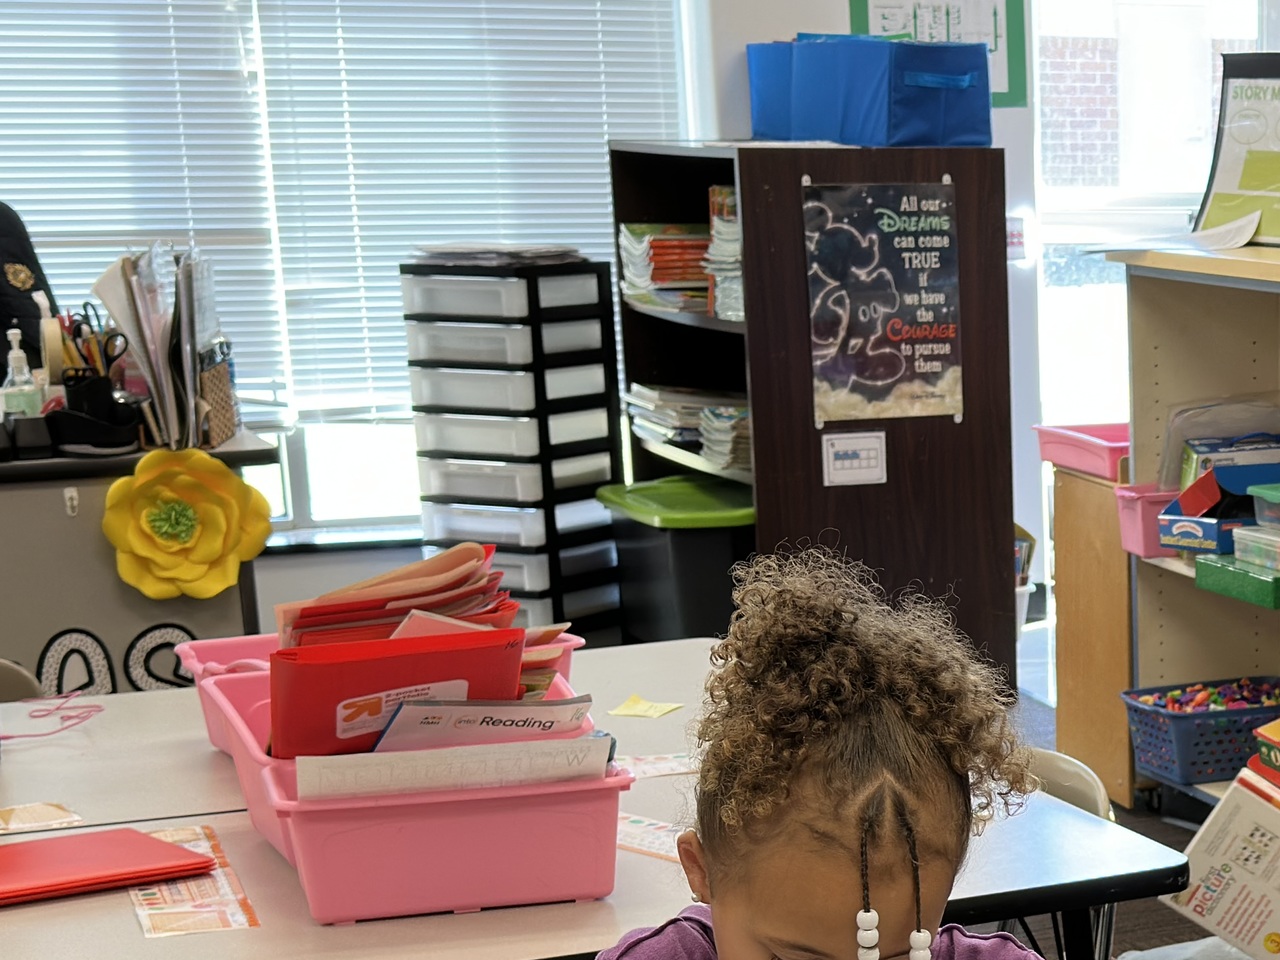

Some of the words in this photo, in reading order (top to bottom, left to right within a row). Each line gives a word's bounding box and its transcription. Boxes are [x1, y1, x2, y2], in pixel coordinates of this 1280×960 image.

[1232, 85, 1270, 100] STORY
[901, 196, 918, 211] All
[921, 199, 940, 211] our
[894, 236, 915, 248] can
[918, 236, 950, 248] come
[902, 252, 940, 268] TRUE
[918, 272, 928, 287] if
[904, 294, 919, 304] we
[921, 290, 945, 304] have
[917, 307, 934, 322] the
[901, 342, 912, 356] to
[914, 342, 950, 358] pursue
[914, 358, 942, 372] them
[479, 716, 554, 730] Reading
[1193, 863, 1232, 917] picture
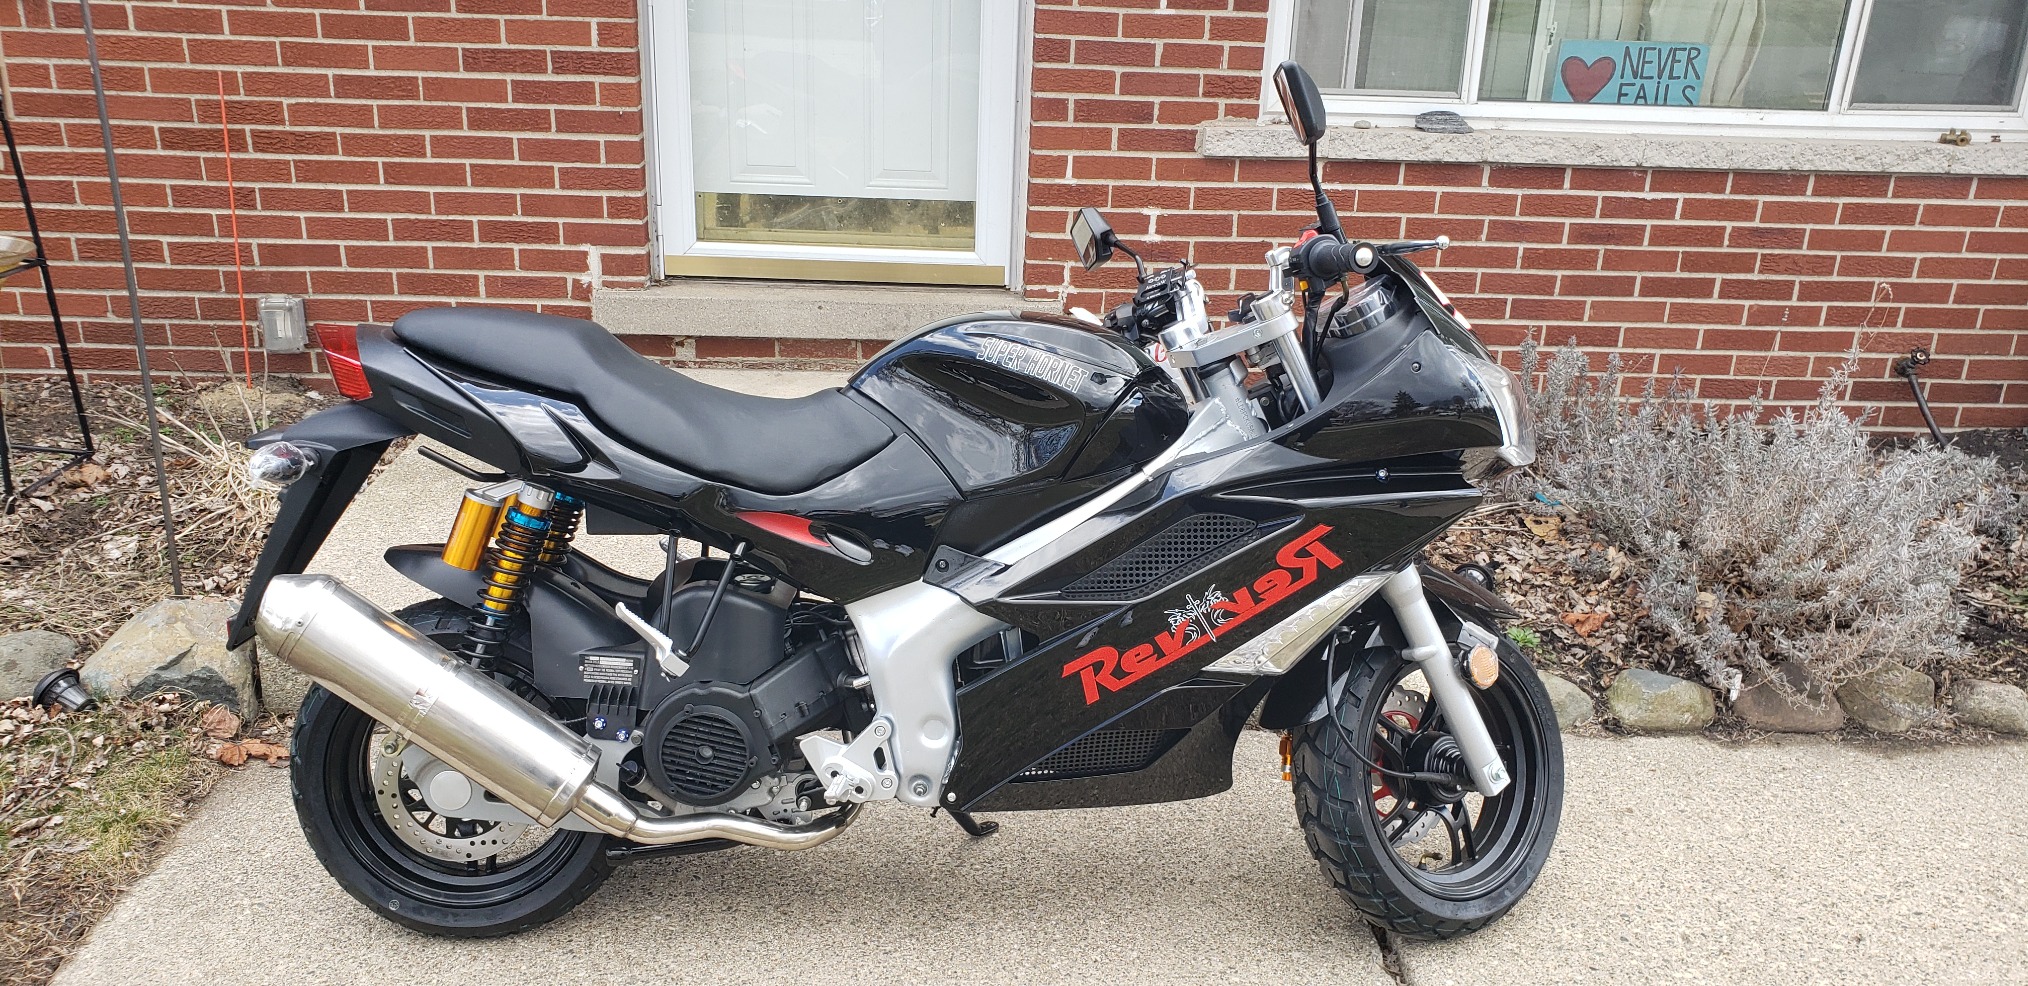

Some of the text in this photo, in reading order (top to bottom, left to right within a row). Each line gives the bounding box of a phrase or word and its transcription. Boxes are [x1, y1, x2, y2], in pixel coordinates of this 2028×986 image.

□ □ □ □ □ □ □

### What needs to be done
Copy each record exactly. Leave any images out of the copy.

### Answer section
Some of the words in this photo, in reading order (top to bottom, left to right within a row). Each line gives a word's bounding box and its transcription. Boxes are [x1, y1, x2, y2], in pixel coordinates of this 1280×960 image.

[1232, 85, 1270, 100] STORY
[901, 196, 918, 211] All
[921, 199, 940, 211] our
[894, 236, 915, 248] can
[918, 236, 950, 248] come
[902, 252, 940, 268] TRUE
[918, 272, 928, 287] if
[904, 294, 919, 304] we
[921, 290, 945, 304] have
[917, 307, 934, 322] the
[901, 342, 912, 356] to
[914, 342, 950, 358] pursue
[914, 358, 942, 372] them
[479, 716, 554, 730] Reading
[1193, 863, 1232, 917] picture

Some of the text in this photo, in reading order (top to bottom, left to right within a row). Each line gives the bounding box of a phrase or word and its transcription. Boxes are [x1, y1, x2, y2], in pixel coordinates of this 2028×986 image.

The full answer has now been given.